5 large eggs, lightly beaten
1 teaspoon Chinese Shaoxing wine or Japanese sake
3/4 teaspoon oyster sauce
1/2 teaspoon sesame oil
3 dashes white pepper
2 tablespoons oil
1 small onion, sliced
5 tablespoons tobiko
1 stalk scallion, green part only, cut into small rounds
Season the eggs with wine, oyster sauce, sesame oil, and white pepper. Mix to blend well and make sure that the oyster sauce is completely dissolved.Heat up a wok to high heat and add the oil. As soon as the oil is hot, add the onion and stir-fry until aromatic. Pour in the egg and spread well over the onion. Let cook for 20 seconds or so before stirring. Toss the eggs around and break them into pieces. When the eggs is about 80% cooked, add in the tobiko and scallion. Keep stir-frying until the eggs are cooked. By then, the tobiko should be slightly under-cooked, which is fine as they will give you the popping sensation when eating. Dish out and serve immediately with steamed rice.
Tobiko Omelet (Fly Fish Roes)
Tobiko (Fly Fish Roes) Omelet – Omelet with tobiko (fish roe omelet) is a wonderful and delicious recipe for your next meal.
Before you were scared away by the title of this post, let me assure you that omelet with tobiko (fish roe omelet) is a wonderful and delicious recipe. Really! I invited my friends to try the dish and they gave me the thumbs up, and even the kids love it.

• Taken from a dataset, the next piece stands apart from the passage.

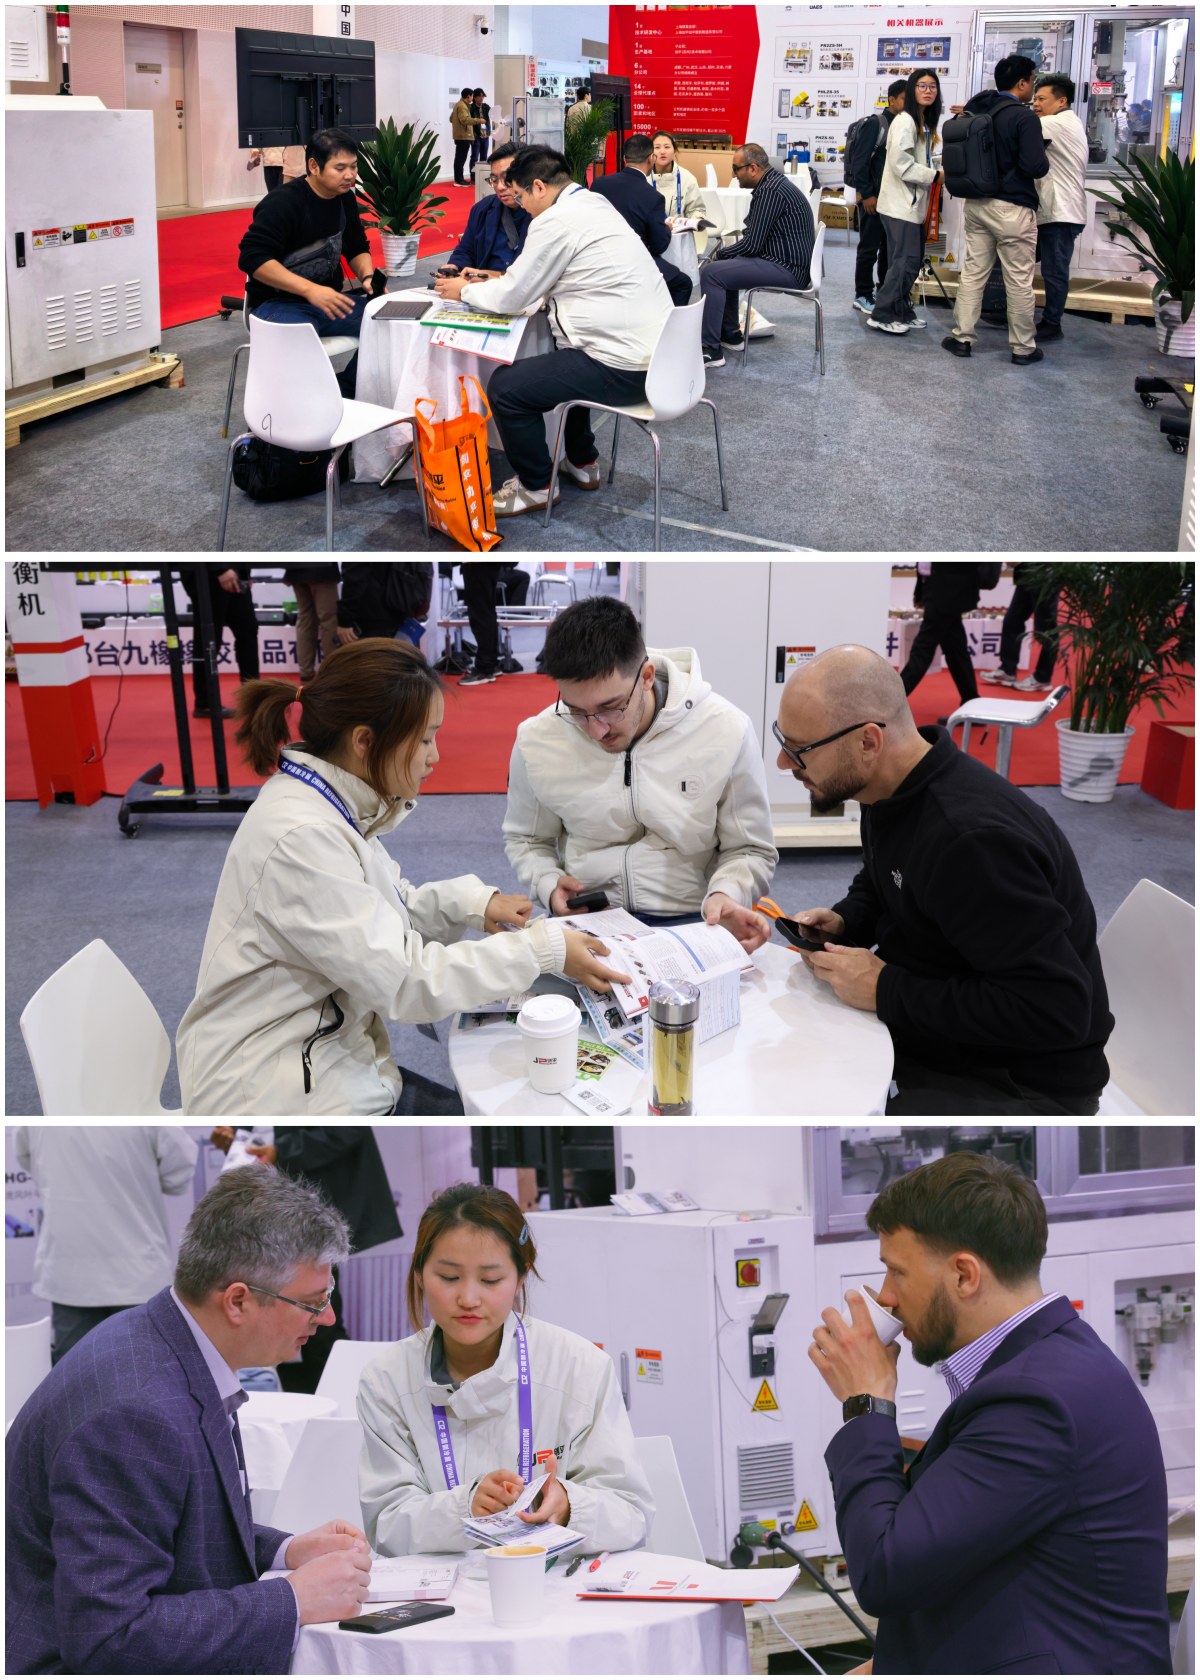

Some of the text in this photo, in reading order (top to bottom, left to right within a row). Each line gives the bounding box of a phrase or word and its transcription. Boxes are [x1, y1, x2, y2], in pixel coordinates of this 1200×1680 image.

[341, 5, 350, 36] 中国
[886, 18, 944, 27] 相关机器展示
[311, 777, 327, 791] CHINA

If you recall, not too long ago, I made the seared ahi tuna salad with tobiko. I had some leftover tobiko which I didn’t know what to do. I thought it would be great to combine regular eggs with fish eggs, and create a double “eggy” omelet. The recipe worked and it was a success. I loved it that every bite of the omelet, there were a ton of fish roes that popped in my mouth. More importantly, the tobiko adds a subtle “fishy” nuance to a regular omelet dish. It was pleasing to the taste buds.
If you’re not familiar with tobiko, they are orange-hued fly fish roes commonly found at Japanese markets. Compared to masago (capelin roe), they are definitely bigger and much more expensive. I personally prefer tobiko but you can try this recipe with masago, too. Enjoy!